··· DATA SECTION

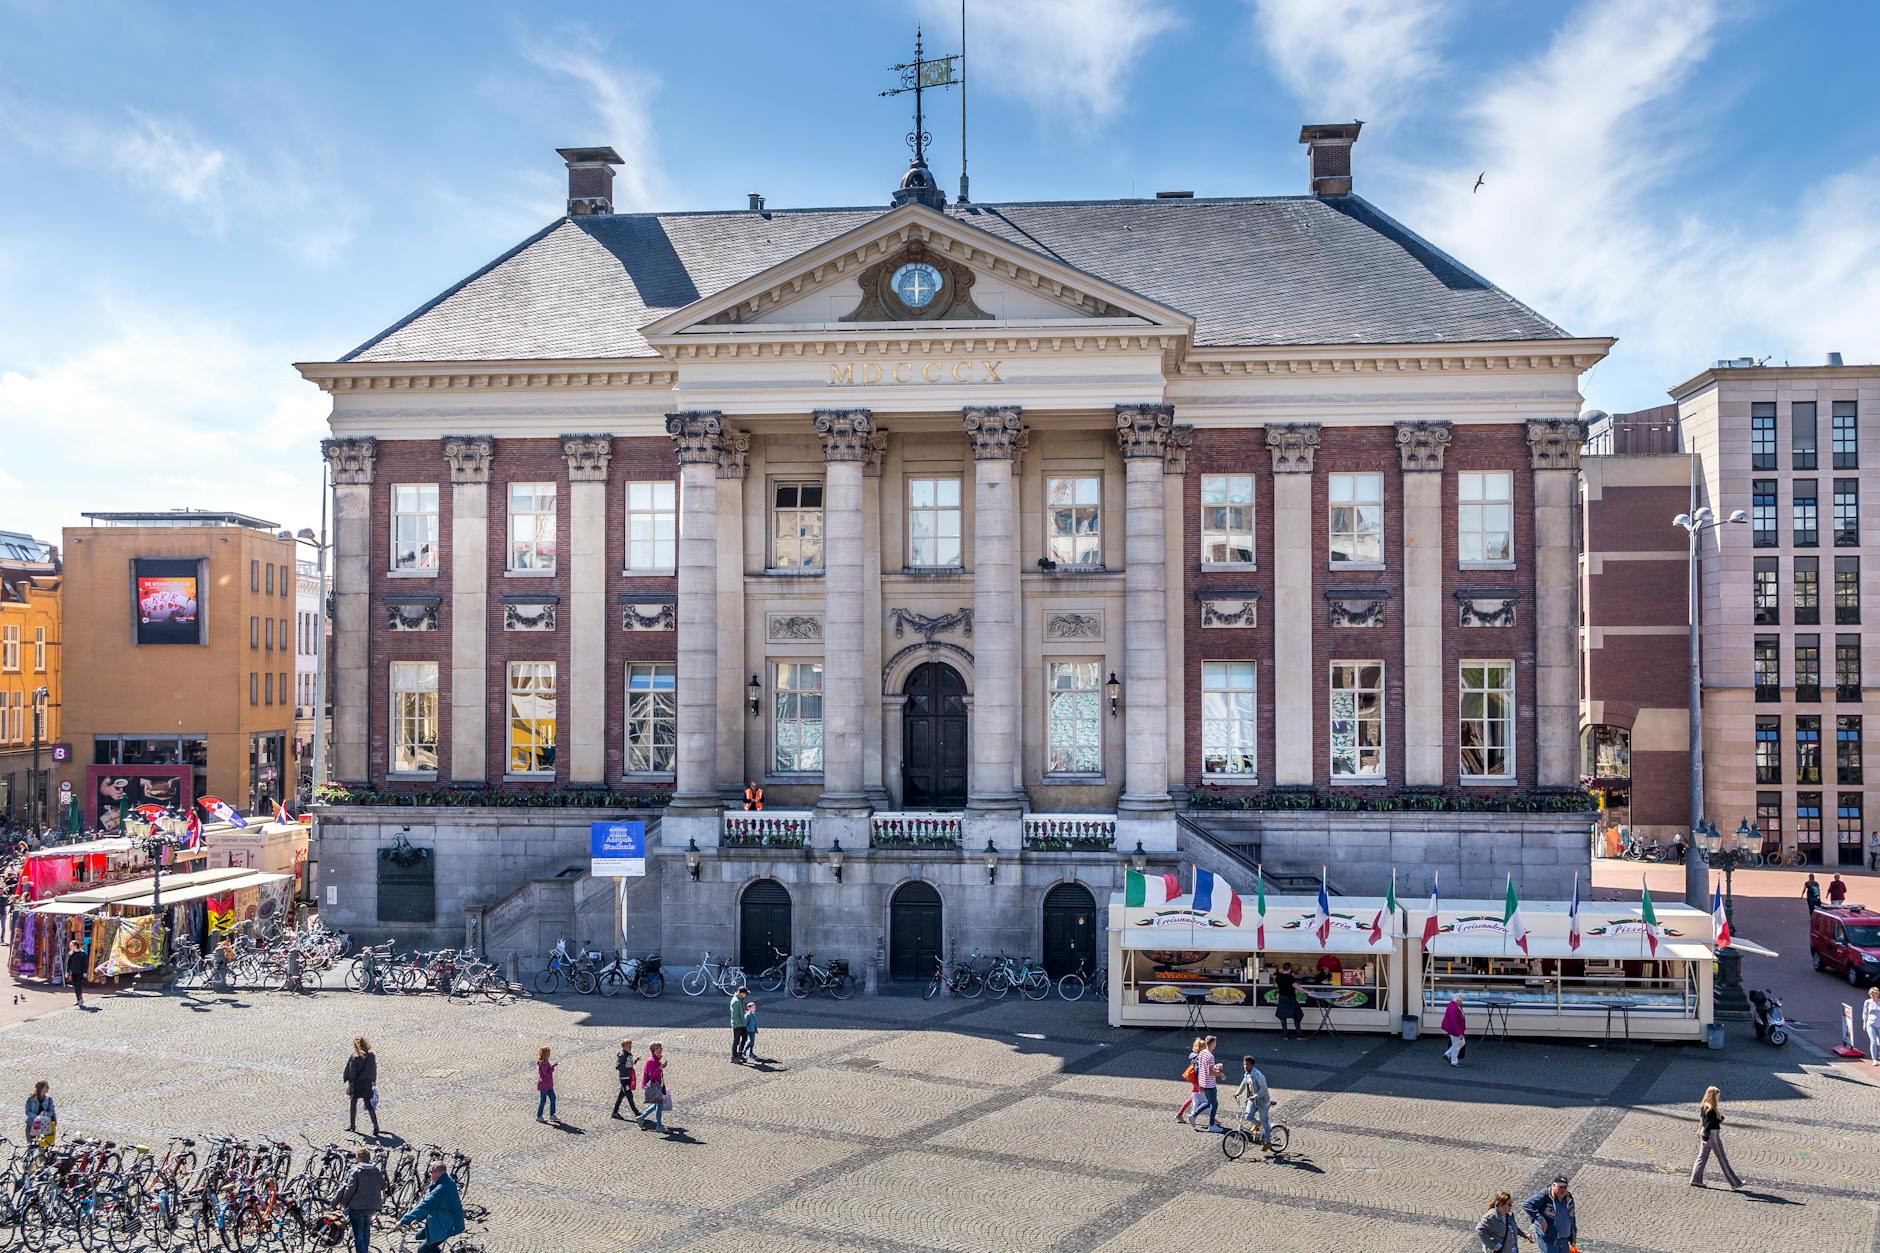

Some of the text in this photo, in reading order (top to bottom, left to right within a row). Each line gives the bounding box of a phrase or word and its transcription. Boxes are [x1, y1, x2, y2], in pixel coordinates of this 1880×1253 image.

[829, 360, 1002, 385] MDCCCX
[1304, 918, 1351, 929] Peria
[1455, 922, 1508, 933] Croissanter
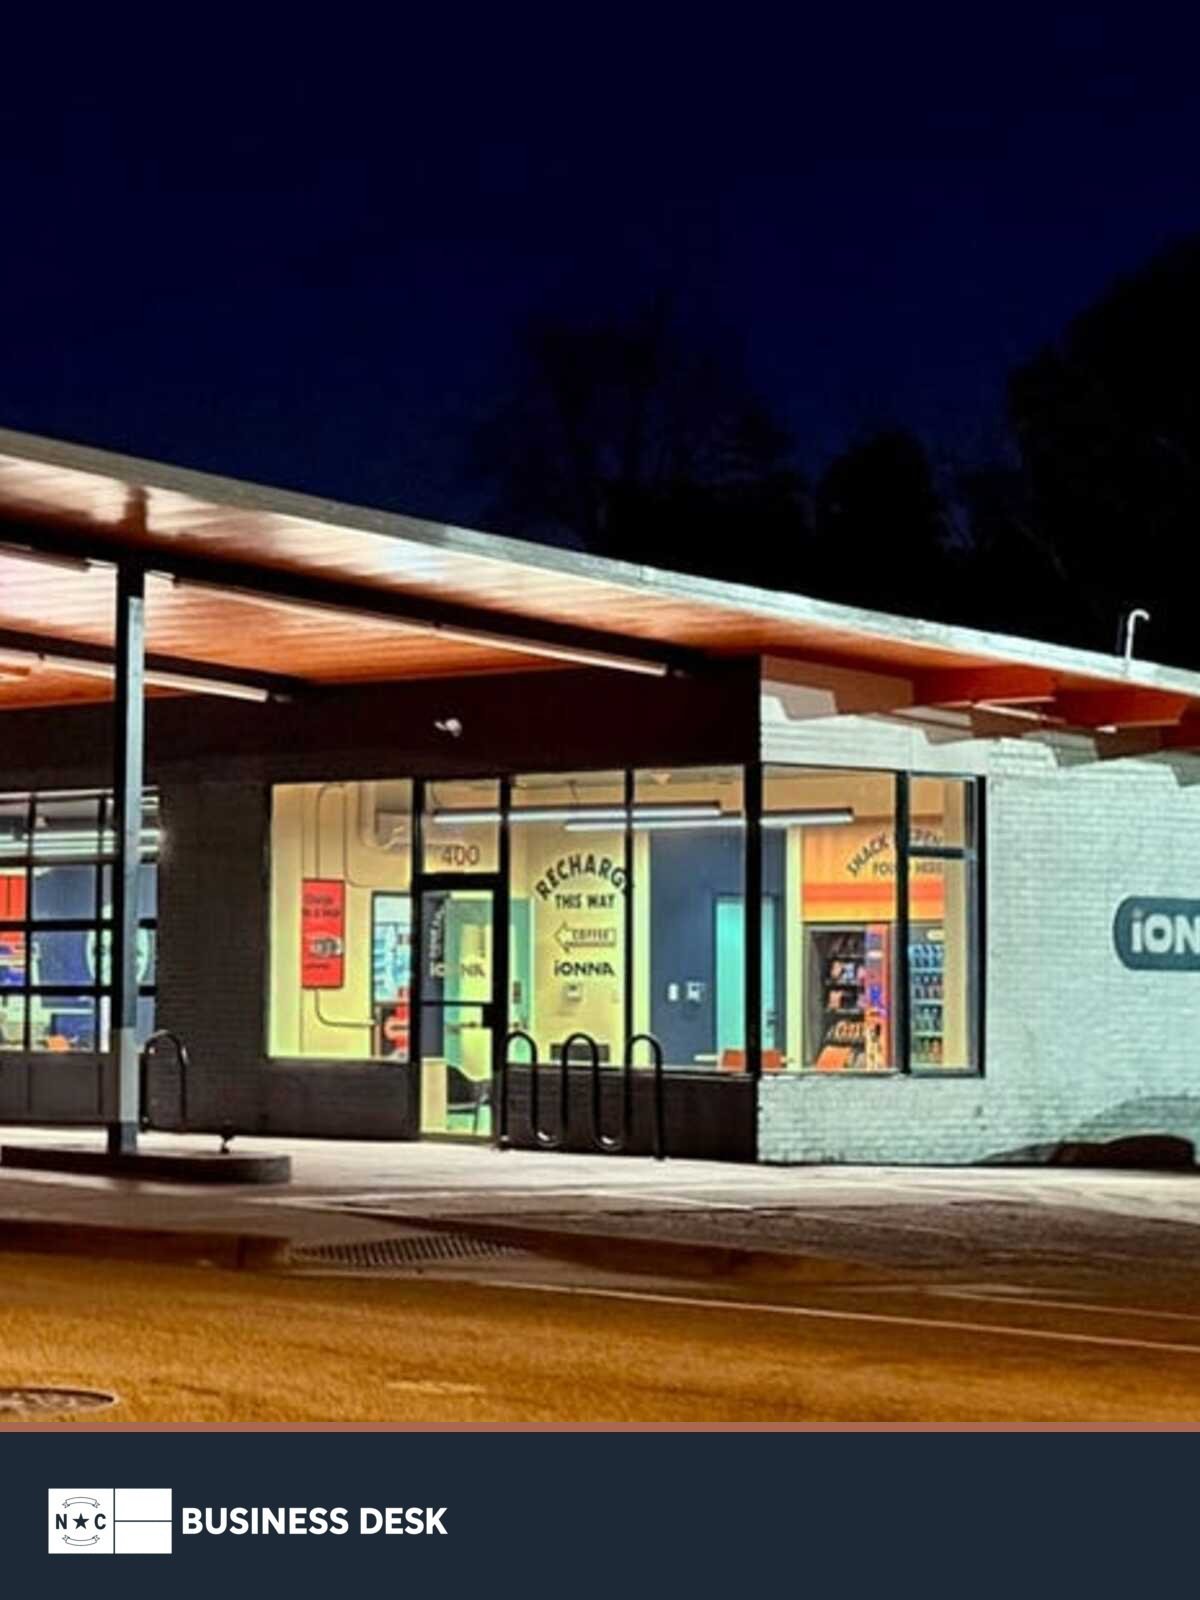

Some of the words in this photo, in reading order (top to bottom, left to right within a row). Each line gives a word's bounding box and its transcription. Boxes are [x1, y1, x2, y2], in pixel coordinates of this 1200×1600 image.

[440, 844, 481, 866] 400
[555, 894, 582, 909] THIS
[586, 894, 615, 909] WAY

······

_PROBLEM REQUIREMENTS:_ What is needed is an exact printout of all the entries, without the pictures.

_REPLY TO THE TASK:_
Some of the text in this photo, in reading order (top to bottom, left to right within a row). Each line gives the bounding box of a phrase or word and its transcription. Boxes are [x1, y1, x2, y2], in pixel coordinates of this 1880×1253 image.

[829, 360, 1002, 385] MDCCCX
[1304, 918, 1351, 929] Peria
[1455, 922, 1508, 933] Croissanter

Some of the words in this photo, in reading order (top to bottom, left to right within a row). Each line gives a word's bounding box and its transcription. Boxes are [x1, y1, x2, y2], in pixel coordinates of this 1200×1600 image.

[440, 844, 481, 866] 400
[555, 894, 582, 909] THIS
[586, 894, 615, 909] WAY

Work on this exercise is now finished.